Panicked, I looked over my shoulder. The landscape was flat and plain, with absolutely nothing to hide behind. If a normal man were chasing me, perhaps I could’ve hidden behind the stone wall that led me here. But this would have been useless to shelter me from the gaze of a gigantic woman dozens of feet above me. My field jacket was a nice, bland beige, but it didn’t resemble the rocks around me.

The first brunette heaved herself upright and was nearly kneeling, and that meant she would’ve been seconds from spotting me. I had to think quickly.

Taking on what I hoped was a woman’s voice, I shouted as loudly as I could: “Ed Sheeran!”

The second brunette giantess froze in position, eyes wide. Her friends turned to look in my direction, not spotting me yet.

I gulped tremendous lungfuls of air. “Rupert Grint!”

The blonde giantess choked on a giggle. “That’s dead tight,” muttered the second brunette.

I racked my brains for a last challenge. “Gordon Ramsay!”

The second brunette’s jaw dropped. Her mouth became an enormous, blackened cavern I could’ve parked my rental car in. As it hovered aloft mere yards away from me, I grew sick at the thought of falling into such a chasm.

“Who’s saying this?!” demanded the first brunette.

The blonde smacked her friend again. “Answer it!”

“Bloody hell,” said the first brunette, settling back down into the earth to riddle this one out. Her friends poked and prodded her, demanding an answer, and I took the opportunity to hop up and sprint across the fields as fast as my little legs could carry me, but not before hurling my aromatic laver cake as far to the side as aerodynamics would take it.

There was no awful thunder of huge, bare feet pummeling the earth behind me in pursuit. I never even saw them again as I fled Snowdonia National Park and staggered into Llanfairfechan, breathless and sobbing like an infant, scared out of my wits. I stumbled up the lane and hurled myself into the pub of my hotel. The four old men were still there, nursing their beers and staring at the telly.

“You bastards,” I gasped. Their old heads snapped around, took one look at me, and they tumbled out of their chairs in their mad dash out of the bar.
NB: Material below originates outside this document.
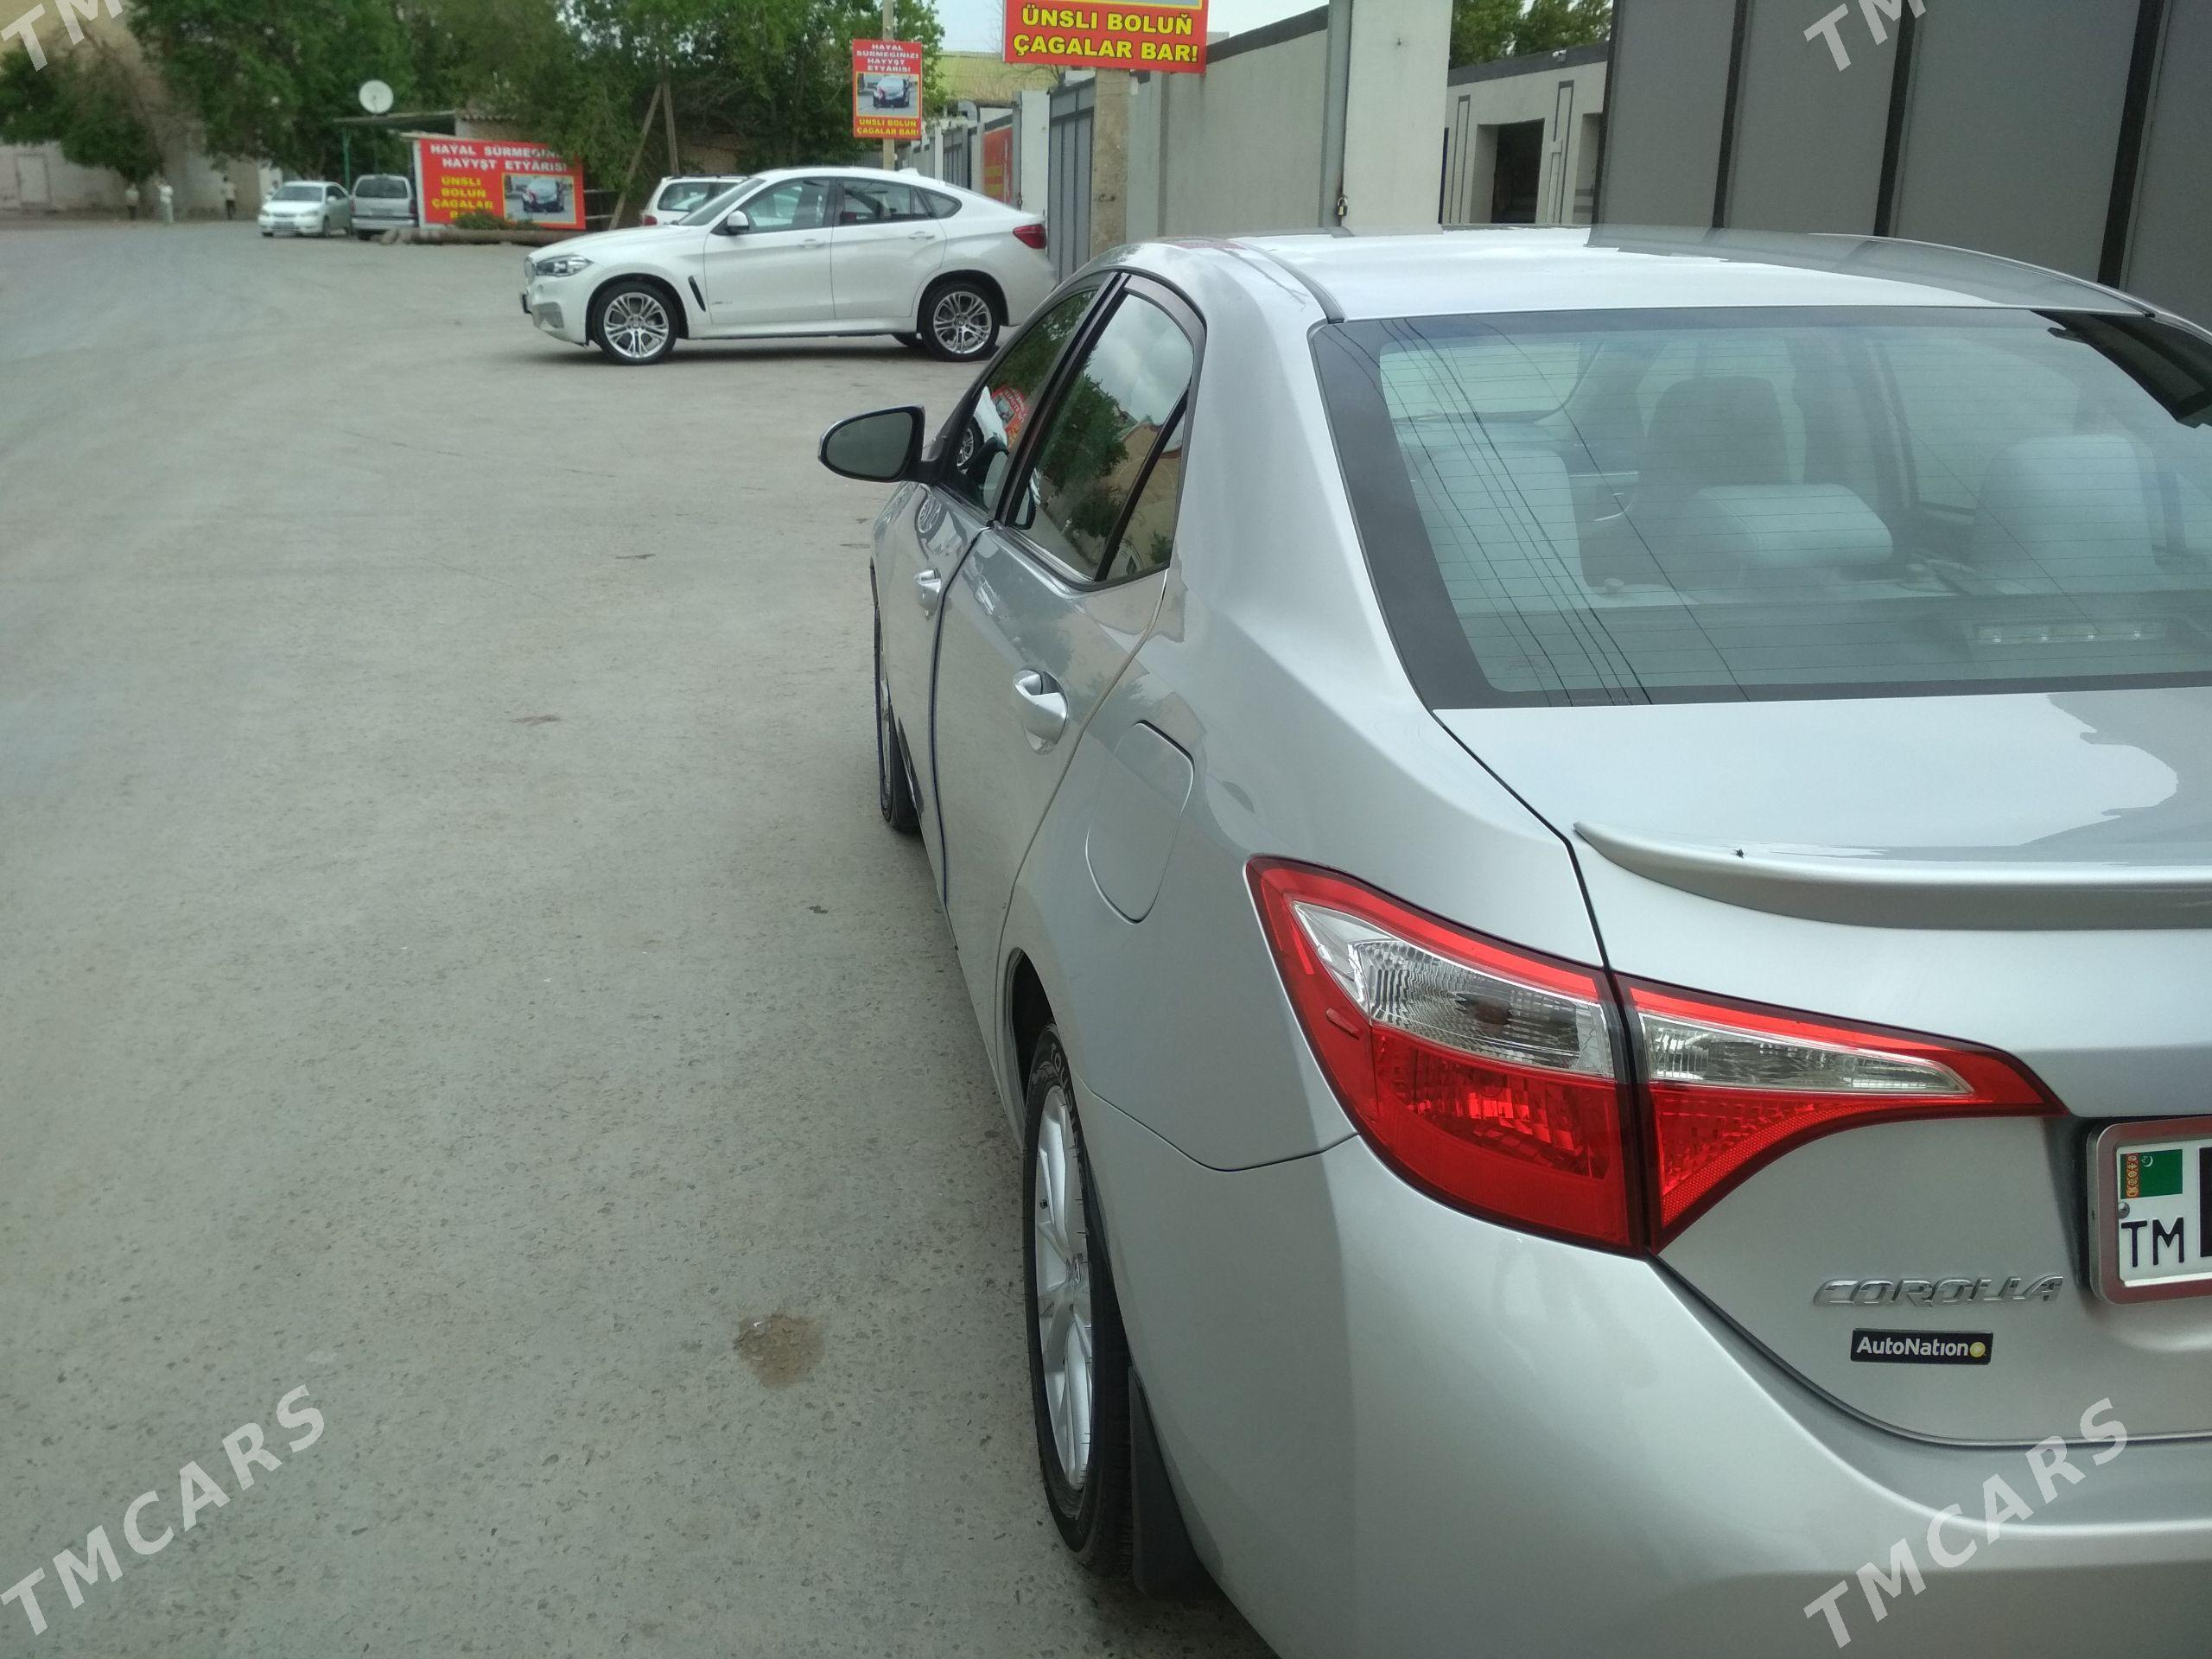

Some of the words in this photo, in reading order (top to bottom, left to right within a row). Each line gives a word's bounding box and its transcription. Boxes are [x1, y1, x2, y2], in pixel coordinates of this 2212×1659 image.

I spent one more sleepless night in that hotel, eyes wide, waiting for the telltale thunder of young women’s footsteps come searching for me, but it didn’t happen. I checked out as soon as the sun was up, hurled my baggage into the rental car, and drove the long way around the national park to start that pub crawl from Swansea to Cardiff, killing time until I was safely back at work, under the protection of my wonderful boss.
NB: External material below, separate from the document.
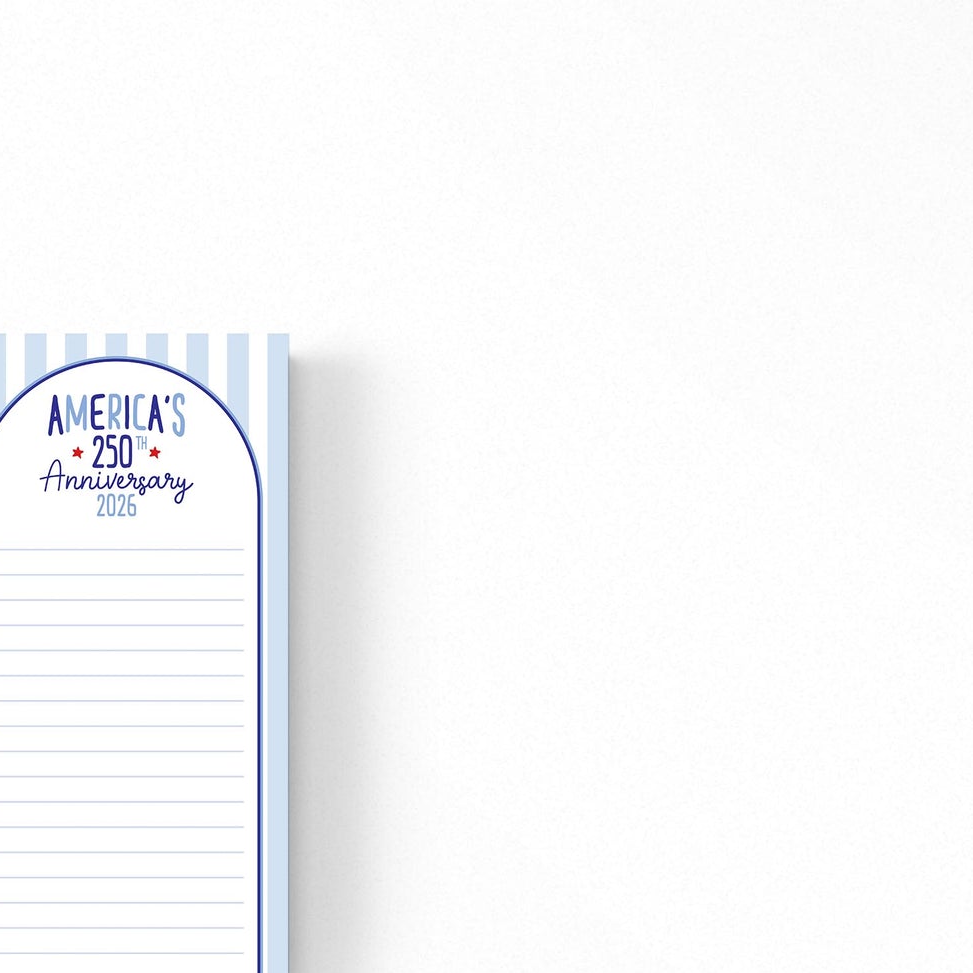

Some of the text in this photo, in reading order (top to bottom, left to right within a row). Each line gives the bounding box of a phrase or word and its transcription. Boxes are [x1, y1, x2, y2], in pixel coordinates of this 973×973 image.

[47, 393, 186, 437] AMERICA'S
[39, 458, 195, 504] Anniversary
[96, 493, 137, 517] 2026
4 thoughts on “The Game of Giantesses

  1. That was a brilliant read. I didn’t know what a laver cake is, and I do now. I’d do away with the seaweed and just have bacon grease-fried oatmeal cakes. It sounds delicious.
    I enjoyed the visuals you provided. I can see the fields and hills, and the ocean at a distance. I can almost smell the people and that sweat you break when you go for a long walk in a foreign country.
    I wonder why they didn’t chase him. They’re probably not new to tourists’ curiosity, and think better to ignore them. The townspeople probably keep them well fed, if they are already familiar with the smell of bacon. I like thinking one of them will show up at his place after he’s returned for a few weeks, enchanted as she was with his presence for that very short amount of time. Not sure how long it takes for three giantesses to swim across an ocean, but it has to be less time than it takes them to screw in a lightbulb.